McIntosh MC275 Stereo Power Amplifier Reviewed


* May 5, 2009



McIntosh Laboratories is one of those select companies that have achieved legendary status among audiophiles and discerning listeners. Established in 1949, McIntosh was one of the founders of the high-fidelity audio industry, along with companies like Marantz, Harman Kardon, Fisher, H. H. Scott, Quad, Garrard, Acoustic Research, Tannoy and others. From the beginning, McIntosh components were designed and built to extremely high standards.

The MC275 vacuum tube stereo power amplifier exemplifies the McIntosh design philosophy. It was originally introduced in 1961 and quickly established itself as one of the standard-setting amplifiers of the time. The original version was discontinued in 1970. In 1991, the Gordon Gow commemorative limited edition was introduced as a tribute to the late McIntosh president. After the first re-issue, the MC275 has come and gone over the years with various iterations in circuitry, control layout and appearance, and is now back in production.

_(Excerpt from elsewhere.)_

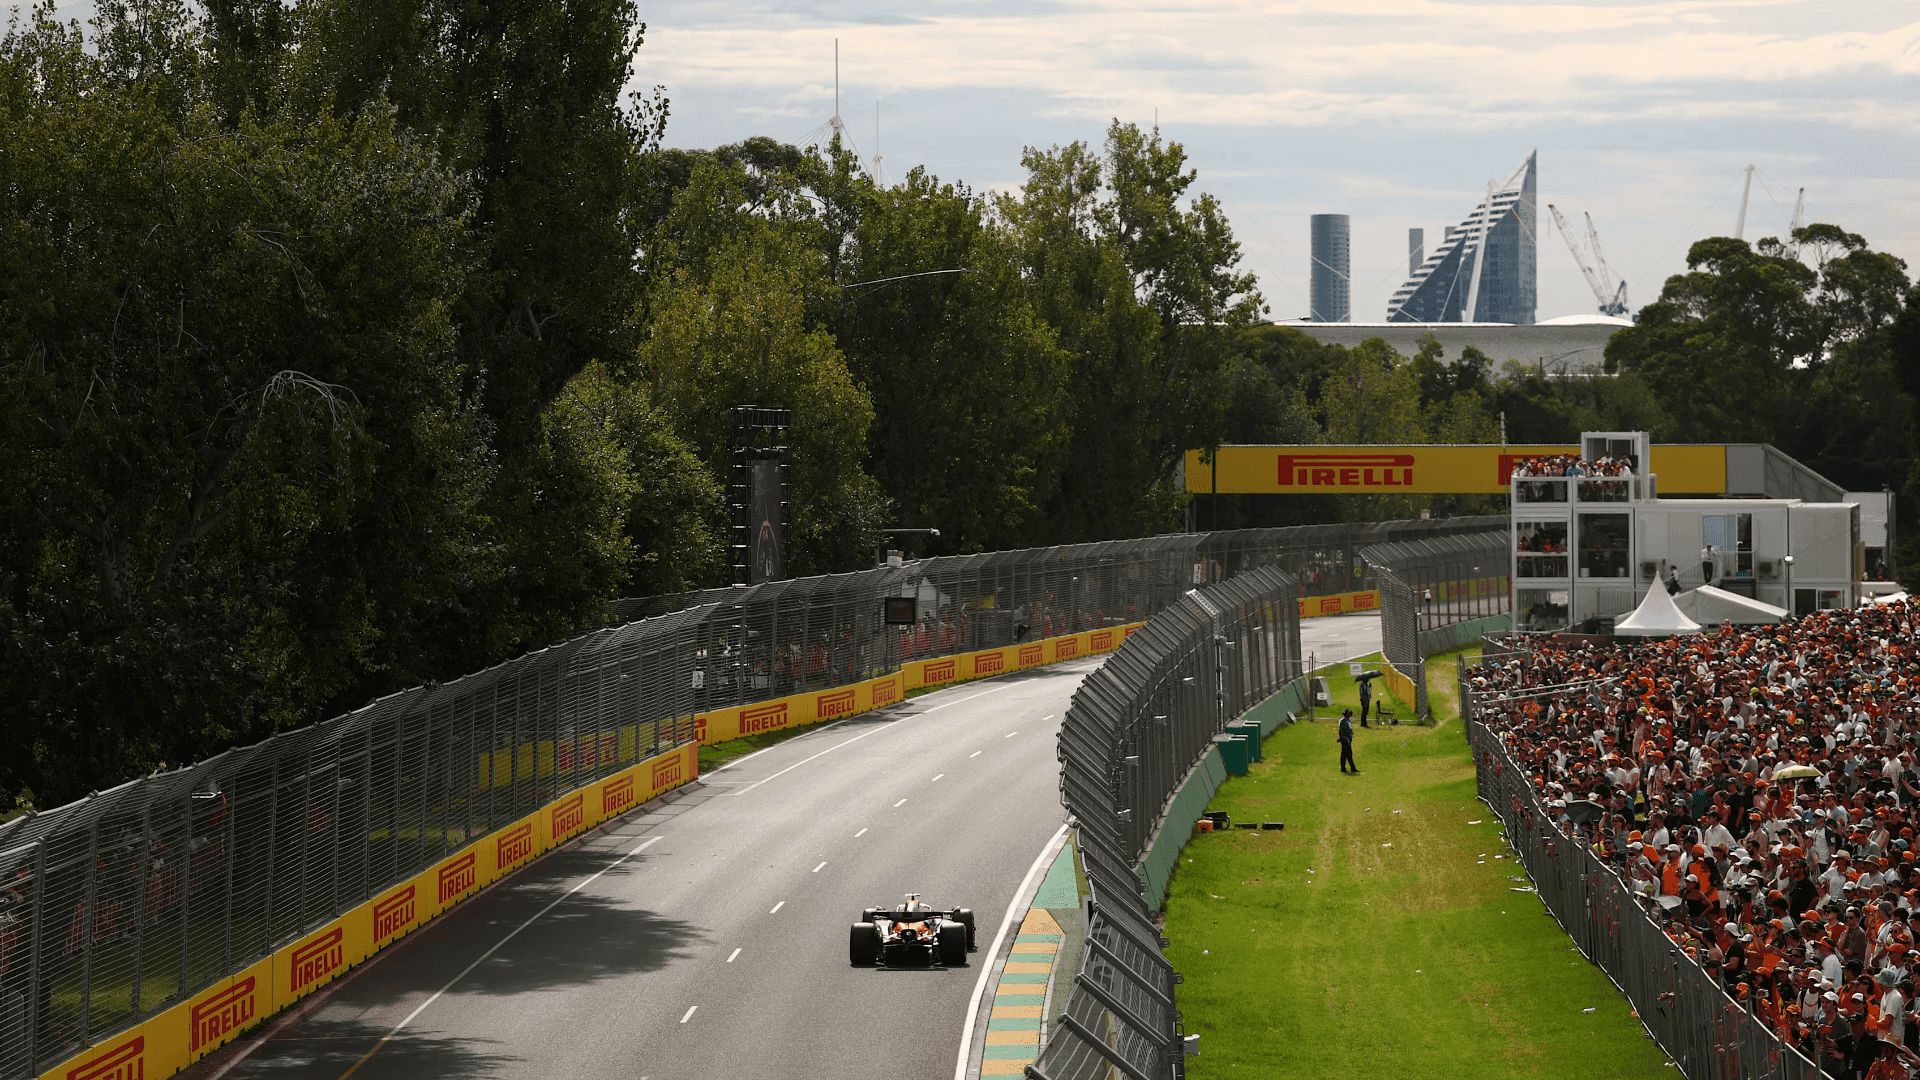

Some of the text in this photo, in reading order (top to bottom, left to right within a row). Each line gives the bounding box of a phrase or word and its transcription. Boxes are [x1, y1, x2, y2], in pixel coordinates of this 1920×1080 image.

The MC275 (suggested retail price: $4,500) is a vacuum tube amplifier that delivers 75 watts per channel into eight, four or two ohms, or 150 watts in bridged mono mode, via four KT-88 power tubes. The MC275 offers RCA and XLR balanced inputs, gold-plated screw-type speaker terminals, a stereo/mono mode switch and an on/off switch. A key element of the MC275's performance is its Unity Coupled Circuit transformer design. Without getting too technical, this topology uses three transformer windings (two primaries and a secondary) instead of the usual two (primary and secondary). The two primary windings are wound together closely, a design claimed to reduce distortion and noise across the entire frequency range. Made in the good old USA in Binghamton, New York, the MC275's build quality is extremely high, with a stainless steel chassis, ceramic tube sockets, gold-plated screw-type input jacks and heavy transformers that make up the bulk of the amplifier's hefty 67-pound weight. Its appearance is delightfully retro (although it must have been cutting-edge in 1961), thanks to its polished stainless steel-and-matte black styling, Old English McIntosh logo font and the soothing glow of its vacuum tubes visible from inside the perforated black tube cage.

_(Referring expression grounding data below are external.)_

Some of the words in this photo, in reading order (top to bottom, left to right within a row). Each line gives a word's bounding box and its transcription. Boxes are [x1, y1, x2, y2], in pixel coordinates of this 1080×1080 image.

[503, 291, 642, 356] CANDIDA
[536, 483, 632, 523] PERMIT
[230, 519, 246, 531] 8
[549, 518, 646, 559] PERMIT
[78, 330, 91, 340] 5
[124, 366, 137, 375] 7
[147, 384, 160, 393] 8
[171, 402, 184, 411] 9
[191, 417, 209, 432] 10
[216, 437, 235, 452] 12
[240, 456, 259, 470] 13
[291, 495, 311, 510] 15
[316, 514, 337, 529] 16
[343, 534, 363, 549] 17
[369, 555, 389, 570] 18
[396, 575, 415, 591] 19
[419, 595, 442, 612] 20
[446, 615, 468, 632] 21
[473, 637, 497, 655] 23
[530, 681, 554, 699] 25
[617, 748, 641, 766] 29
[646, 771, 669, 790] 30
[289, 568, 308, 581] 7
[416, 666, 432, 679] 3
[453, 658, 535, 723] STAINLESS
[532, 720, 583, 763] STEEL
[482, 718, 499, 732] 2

The MC275's sound is richly detailed and inviting, with absolutely no trace of harshness or stridency. Although it does not deliver state-of-the-art resolution and detail, especially in the upper midrange and high frequencies, the amplifier offers an expansive soundstage with excellent imaging, and has a smooth tonal balance from bass to treble. The MC275 sounds powerful and dynamic, although it can be bested in low-frequency authority and articulation by other high-end solid state and other vacuum tube amplifiers.

High Points
• The MC275 combines classic and contemporary amplifier design attributes to remain a sonic benchmark after more than 45 years.
• The amplifier delivers superb sound quality - smooth, richly textured, natural and evenly balanced.
• The MC275 is built to extremely high standards and made in the United States, which is becoming more and more rare these days.
• The amplifier appearance is classic '60s retro hi-fi-cool. For those who love the McIntosh look, they will love the MC275.
• Standard, balanced RCA audio inputs are provided.

Low Points
• It's a tube amp, so you will have to deal with tube replacement at some point, which obviously isn't a consideration with solid state amplifiers. Solid state amps also don't sound like tubes, but you knew that already, didn't you?
• The bass isn't as controlled or tight as some other solid state and high-end tube amplifiers can deliver.
• 75 watts per channel may not be enough for inefficient or hard-to-drive loudspeakers, especially for listening at louder volumes.
• Earlier versions feature terminal strip-type speaker connectors, which don't accept larger spade lugs or banana plugs.

Conclusion
The McIntosh MC275 is a pleasure to listen to - sweet and involving, with a smooth, natural presentation that encourages listening to favorite music for hours on end. Although other amplifiers - for example, high-frequency resolution or the dynamic capability of an amplifier with higher power output - may best the MC275 in a particular sonic area, its overall presentation is unfailingly musical, natural and inviting.


----------